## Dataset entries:
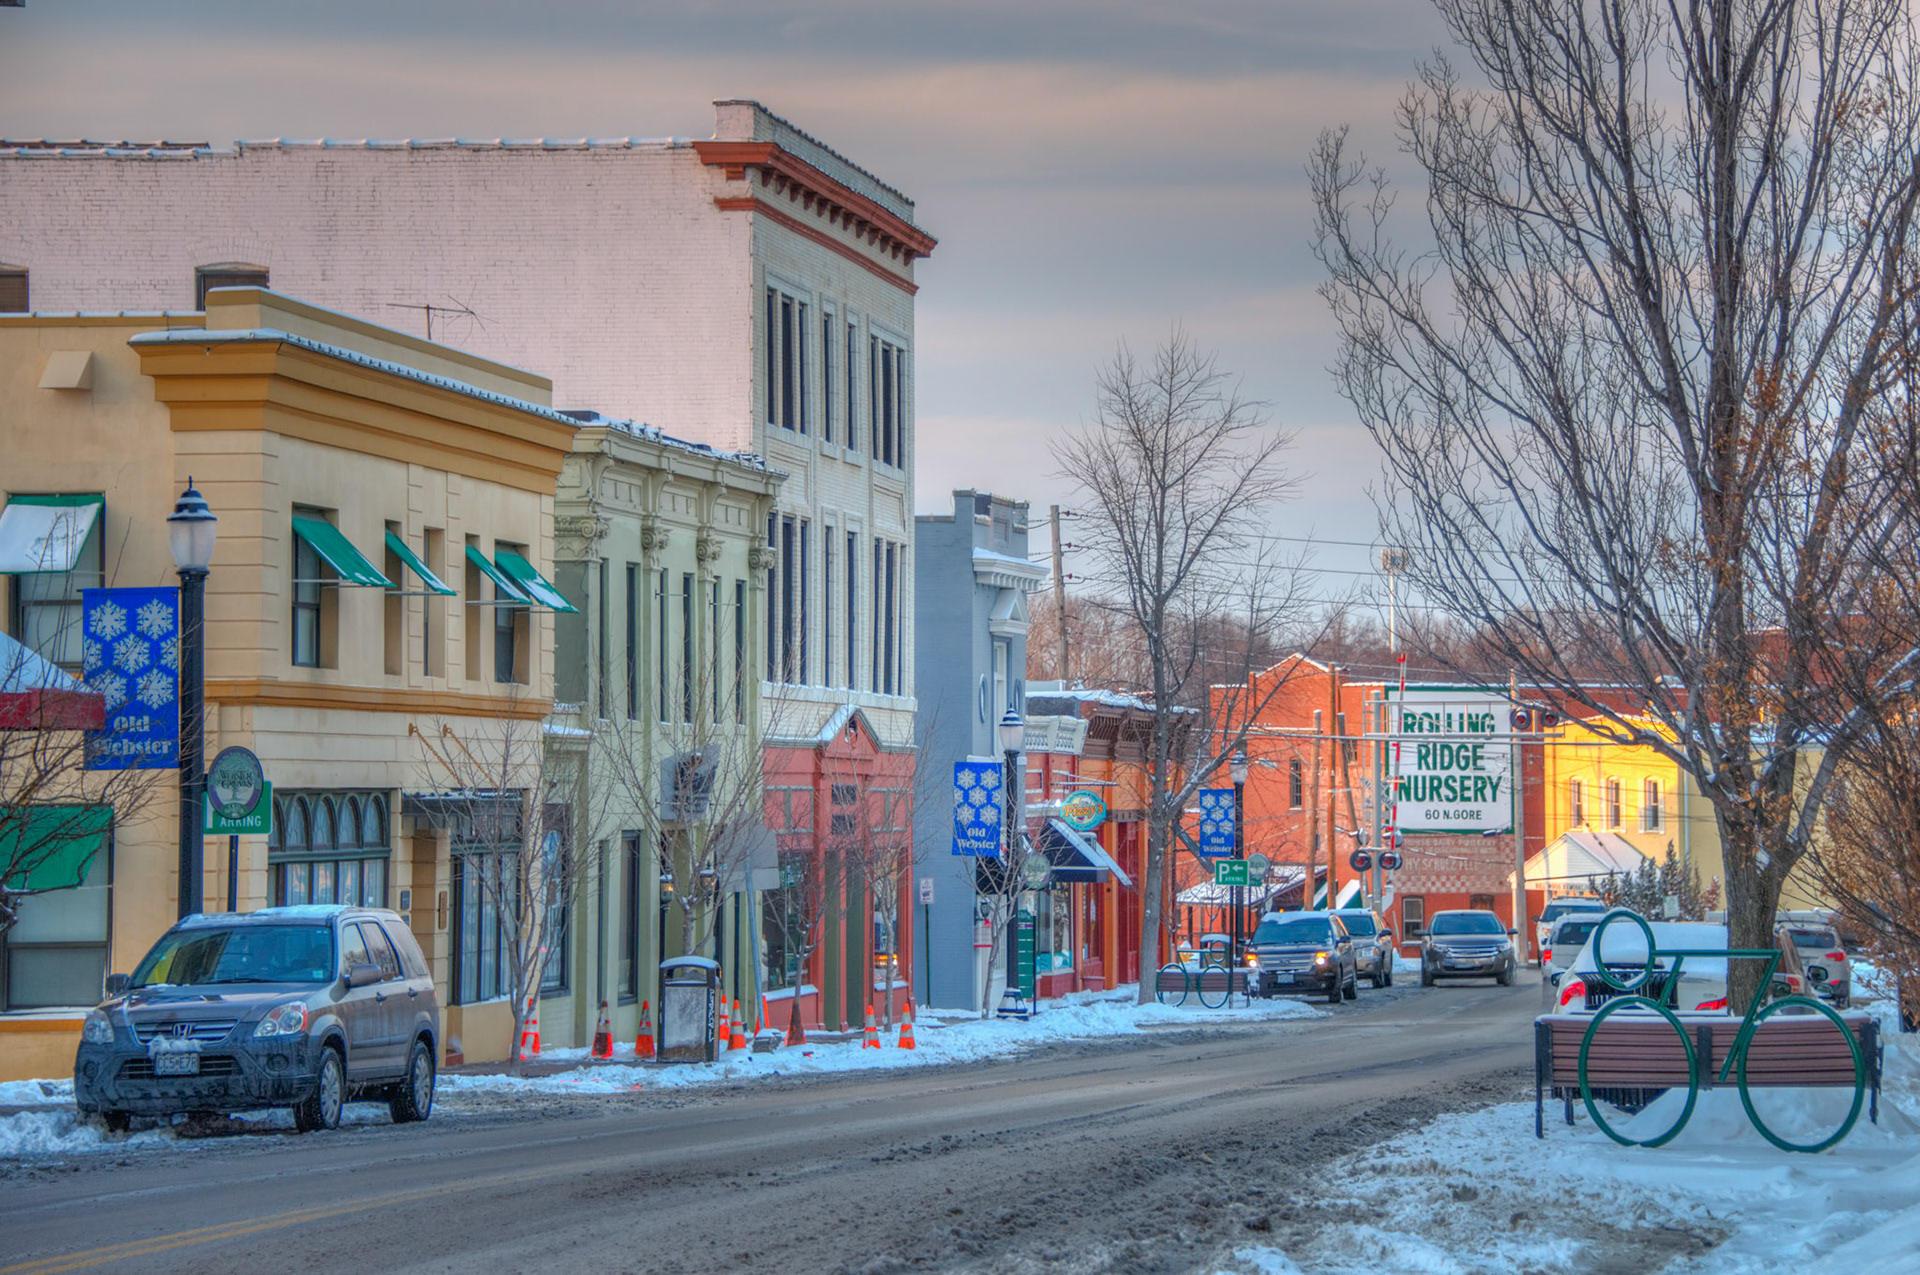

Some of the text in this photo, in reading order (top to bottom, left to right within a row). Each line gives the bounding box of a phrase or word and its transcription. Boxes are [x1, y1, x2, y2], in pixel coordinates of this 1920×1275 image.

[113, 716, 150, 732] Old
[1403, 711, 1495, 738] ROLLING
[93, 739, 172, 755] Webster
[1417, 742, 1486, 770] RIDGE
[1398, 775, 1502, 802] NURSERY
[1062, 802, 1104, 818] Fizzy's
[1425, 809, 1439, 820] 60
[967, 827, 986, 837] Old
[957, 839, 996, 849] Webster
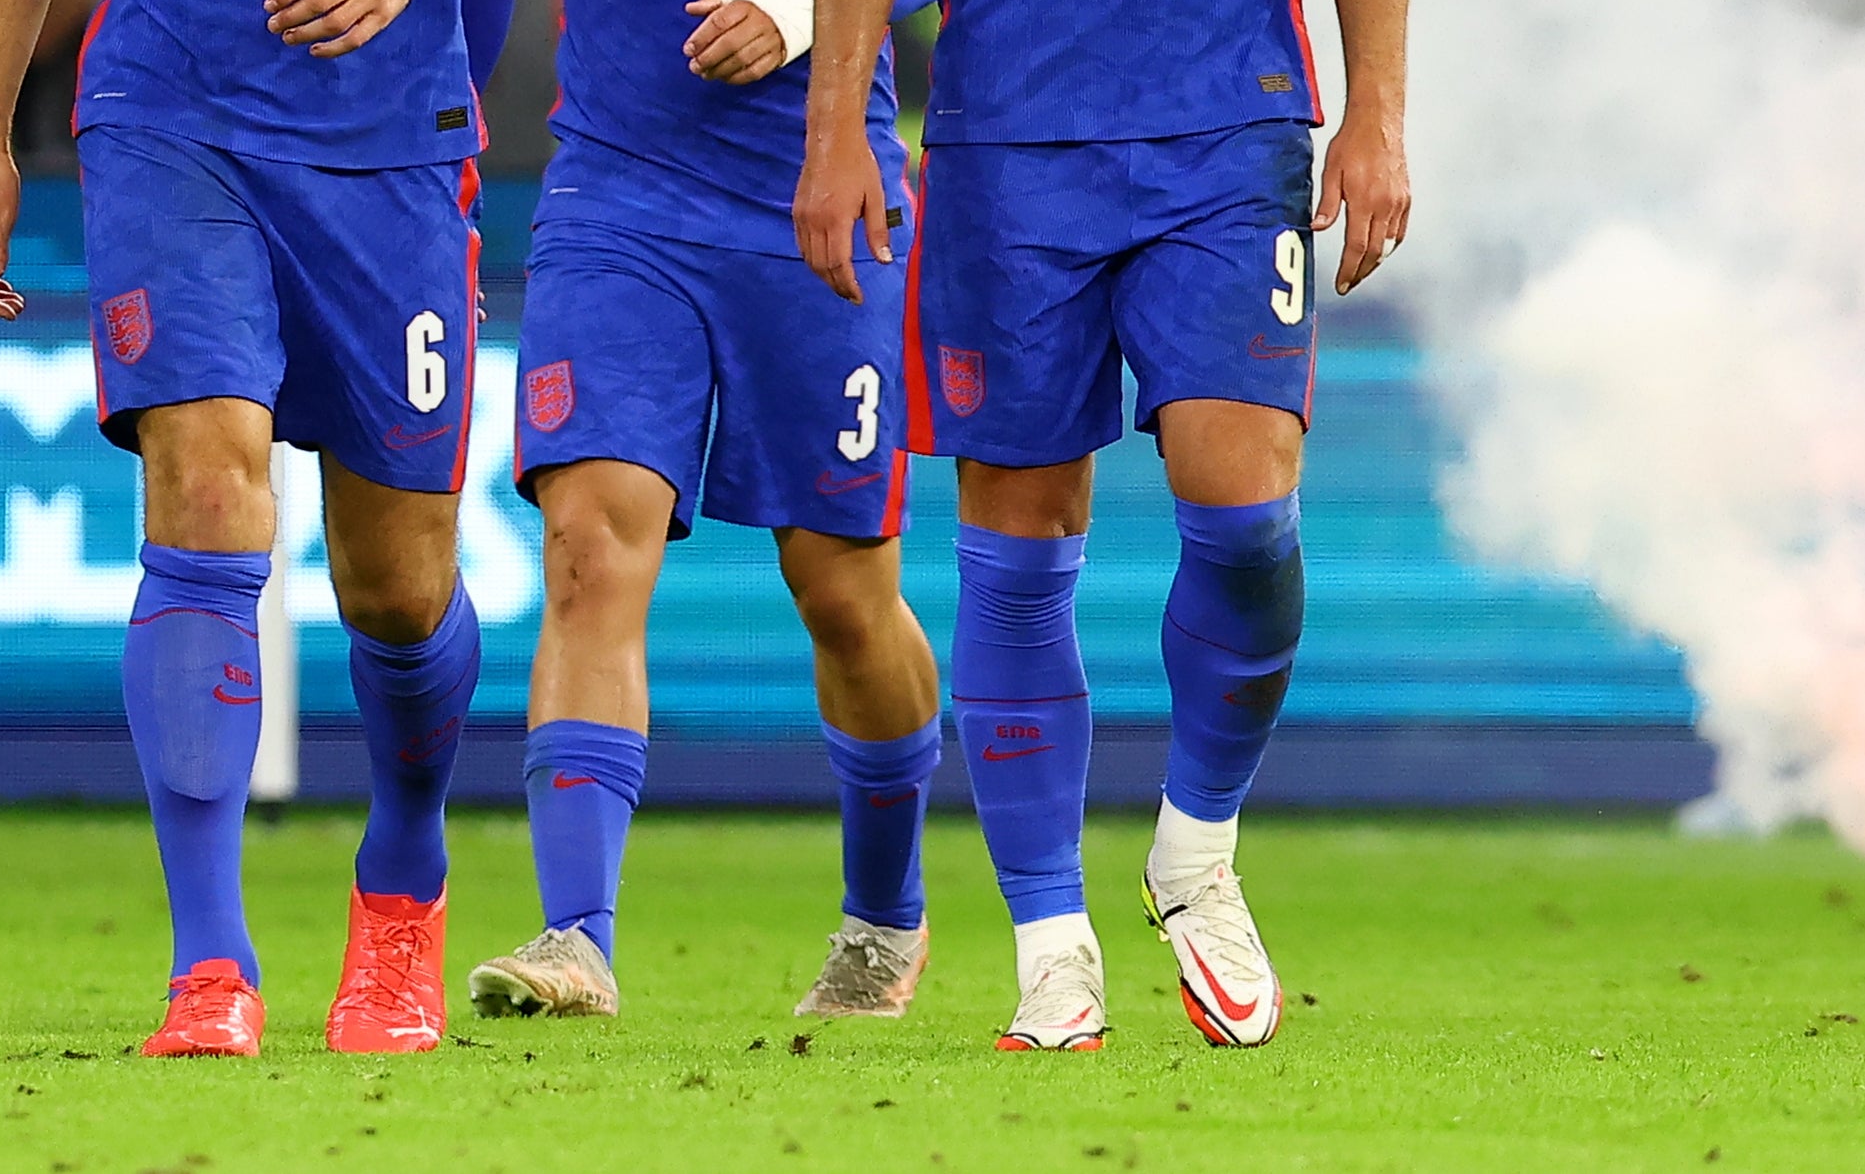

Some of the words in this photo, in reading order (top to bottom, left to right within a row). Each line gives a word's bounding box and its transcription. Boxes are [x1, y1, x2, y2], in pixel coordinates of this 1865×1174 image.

## WORK TO BE COMPLETED:
Return all of the lines above without alteration, minus the pictures.

## COMPLETED TASK:
Some of the text in this photo, in reading order (top to bottom, left to right within a row). Each line gives the bounding box of a phrase or word and its transcription. Boxes are [x1, y1, x2, y2], in pixel coordinates of this 1920×1275 image.

[113, 716, 150, 732] Old
[1403, 711, 1495, 738] ROLLING
[93, 739, 172, 755] Webster
[1417, 742, 1486, 770] RIDGE
[1398, 775, 1502, 802] NURSERY
[1062, 802, 1104, 818] Fizzy's
[1425, 809, 1439, 820] 60
[967, 827, 986, 837] Old
[957, 839, 996, 849] Webster

Some of the words in this photo, in reading order (top to bottom, left to right within a row). Each line gives a word's bounding box and its transcription. Boxes are [x1, y1, x2, y2], in pixel coordinates of this 1865×1174 image.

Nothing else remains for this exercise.